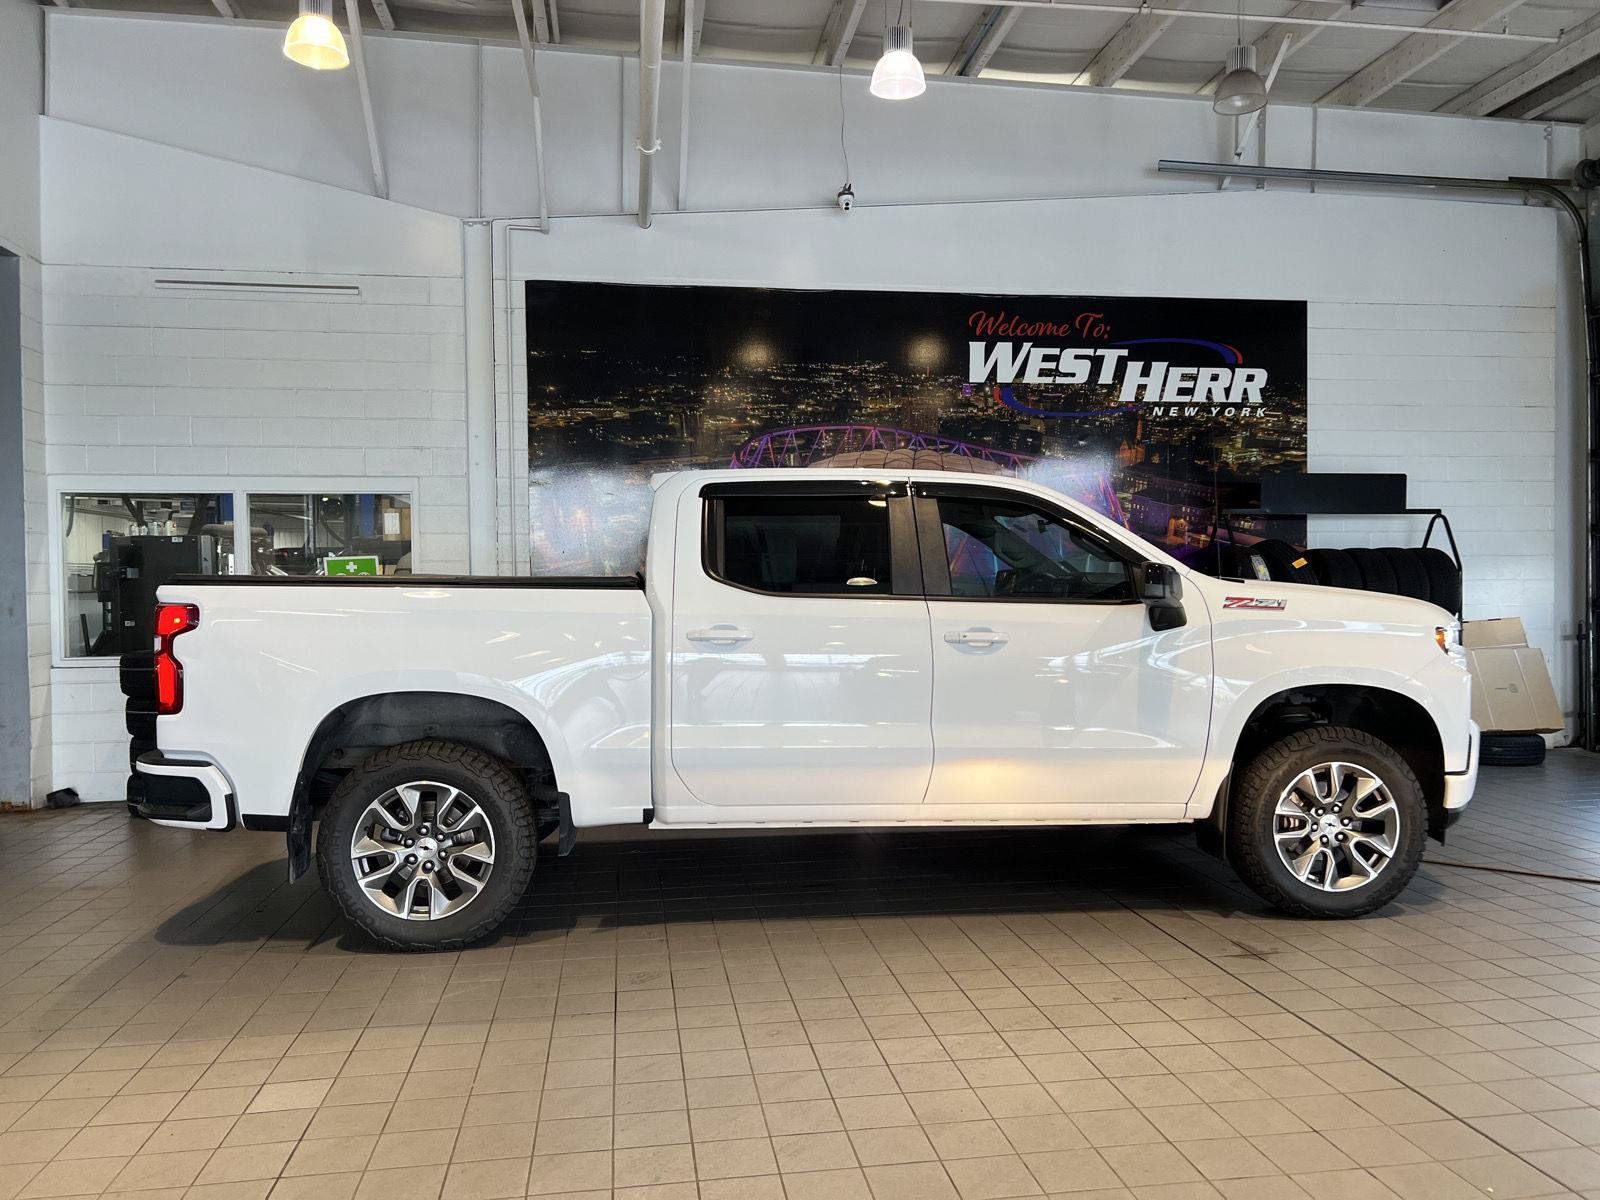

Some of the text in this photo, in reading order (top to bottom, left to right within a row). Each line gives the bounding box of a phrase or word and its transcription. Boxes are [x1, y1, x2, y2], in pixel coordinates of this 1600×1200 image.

[968, 310, 1111, 340] Welcome To:
[968, 341, 1268, 403] WEST HERR
[1152, 406, 1267, 417] NEW YORK
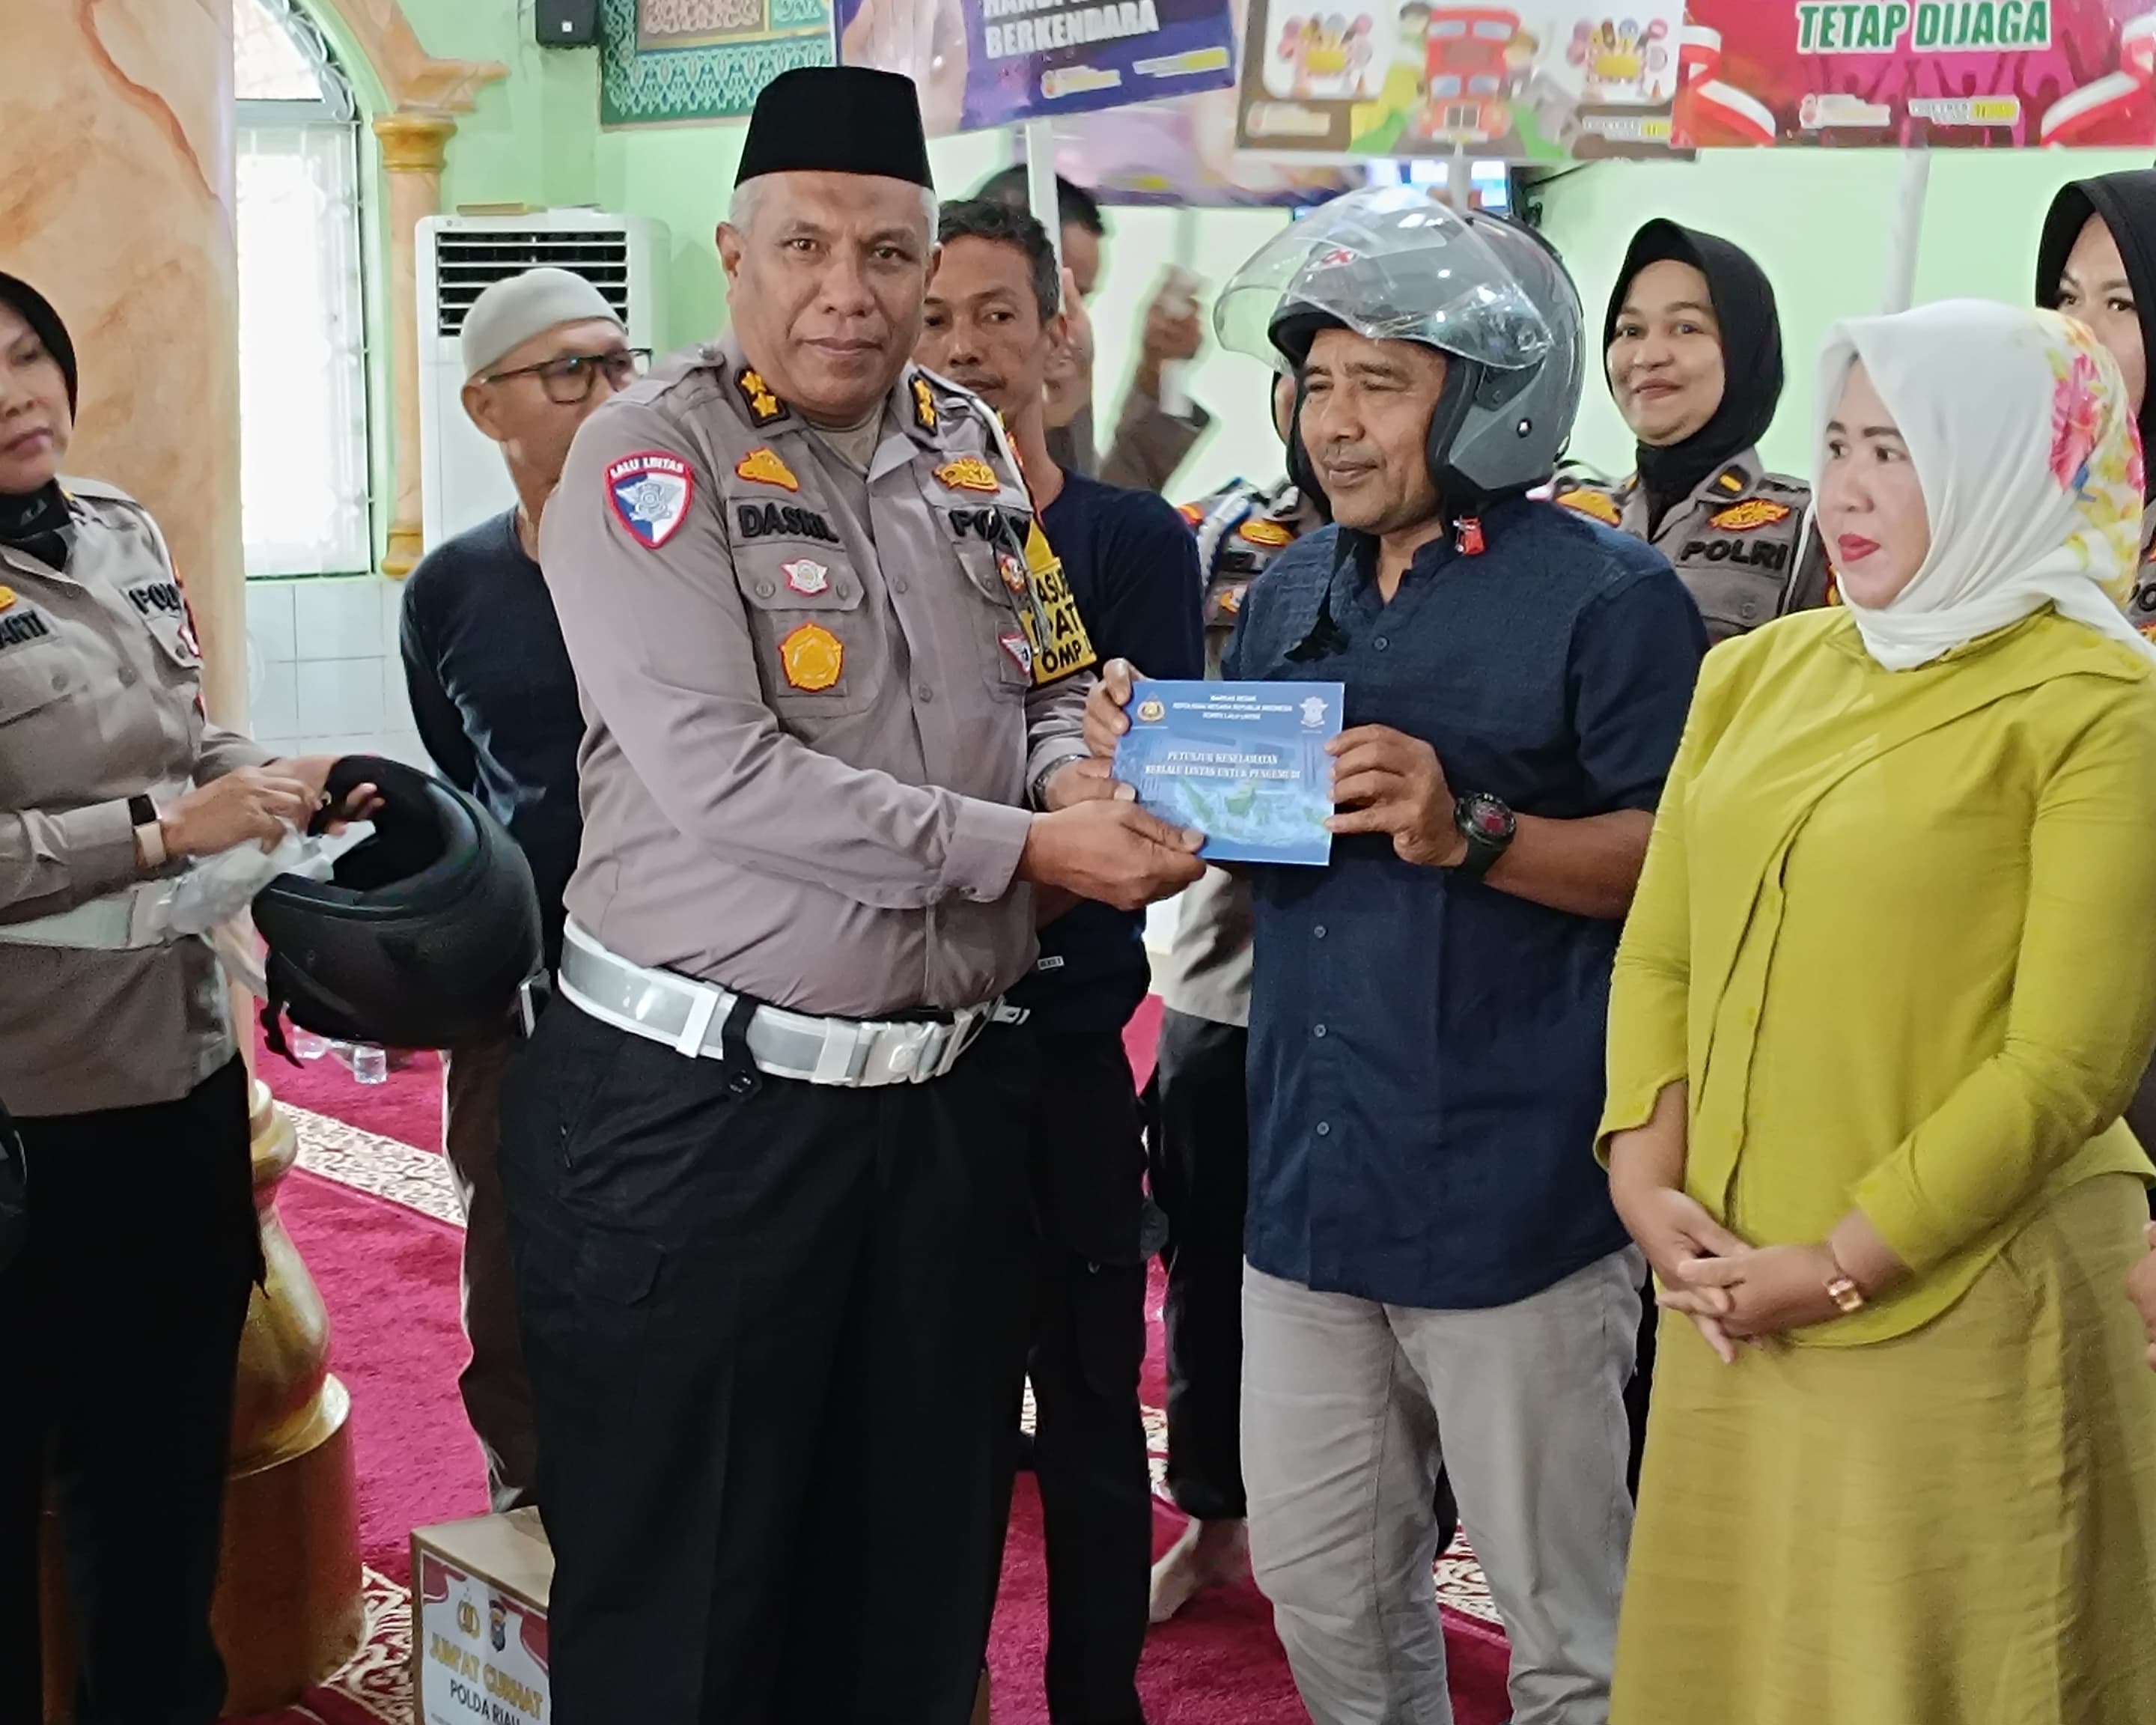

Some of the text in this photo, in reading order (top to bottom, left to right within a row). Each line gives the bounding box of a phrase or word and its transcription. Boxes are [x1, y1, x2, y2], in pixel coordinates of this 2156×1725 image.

[984, 0, 1160, 59] BERKENDARA
[1799, 1, 2050, 49] TETAP DIJAGA
[609, 458, 639, 478] LALU
[1681, 538, 1788, 571] POLRI
[129, 582, 182, 615] POL
[1184, 766, 1216, 776] LINTAS
[1215, 752, 1278, 764] KESELAMATAN
[450, 1679, 490, 1721] POLDA
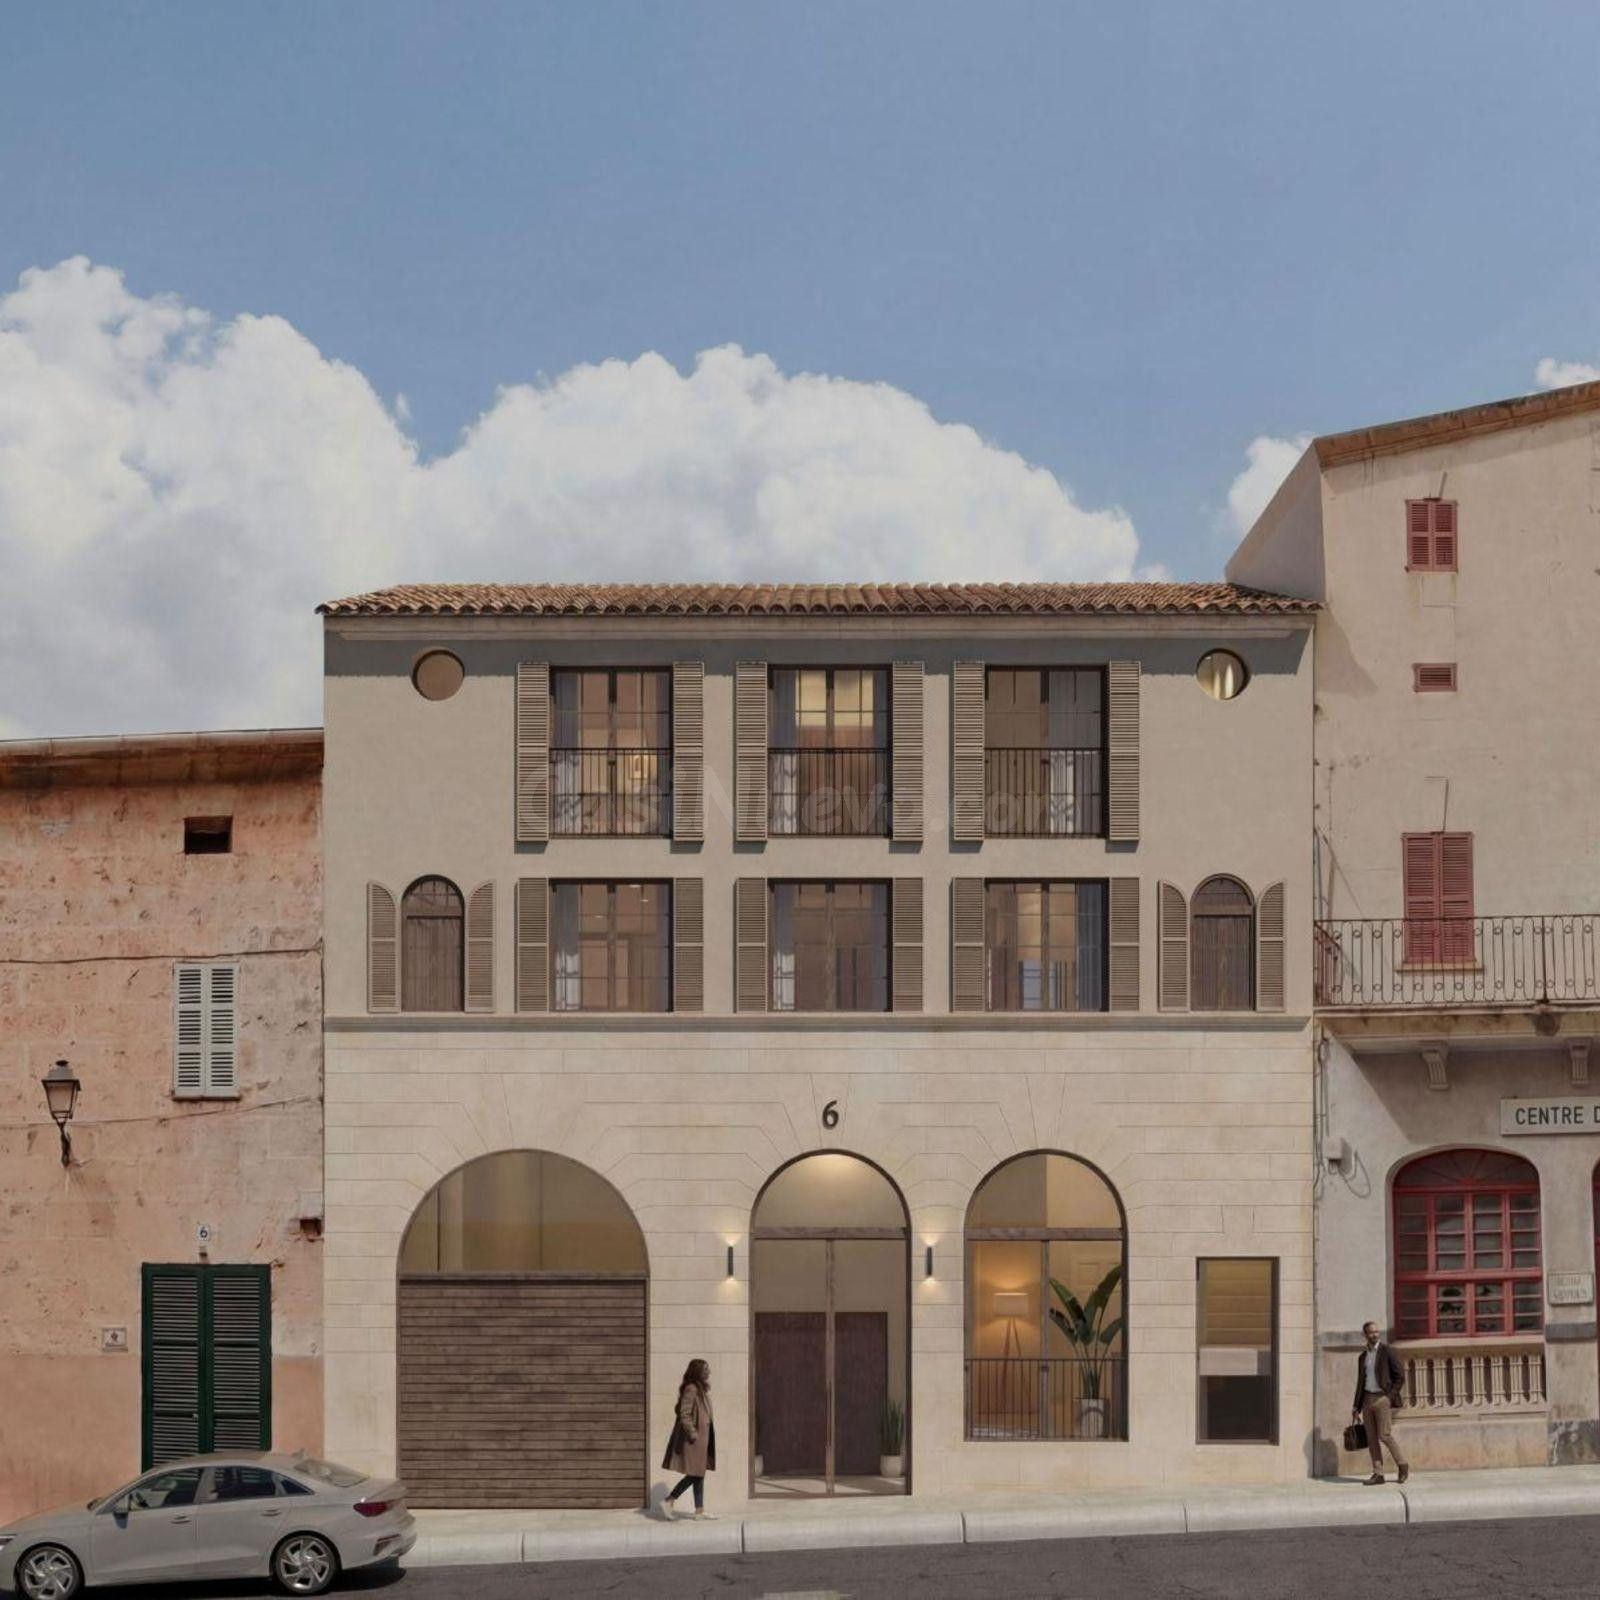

• [PROBLEM TO SOLVE]
Copy out the preceding entries without a single change, leaving out the pictures.

• [SOLUTION TO THIS TASK]
Some of the text in this photo, in reading order (top to bottom, left to right within a row). Each line gives the bounding box of a phrase or word and its transcription. Boxes are [x1, y1, x2, y2], in pixel coordinates of this 1600×1200 image.

[968, 310, 1111, 340] Welcome To:
[968, 341, 1268, 403] WEST HERR
[1152, 406, 1267, 417] NEW YORK

Some of the text in this photo, in reading order (top to bottom, left to right within a row). Each line gives the bounding box of a phrase or word and its transcription. Boxes are [x1, y1, x2, y2], in pixel coordinates of this 2156×1725 image.

[984, 0, 1160, 59] BERKENDARA
[1799, 1, 2050, 49] TETAP DIJAGA
[609, 458, 639, 478] LALU
[1681, 538, 1788, 571] POLRI
[129, 582, 182, 615] POL
[1184, 766, 1216, 776] LINTAS
[1215, 752, 1278, 764] KESELAMATAN
[450, 1679, 490, 1721] POLDA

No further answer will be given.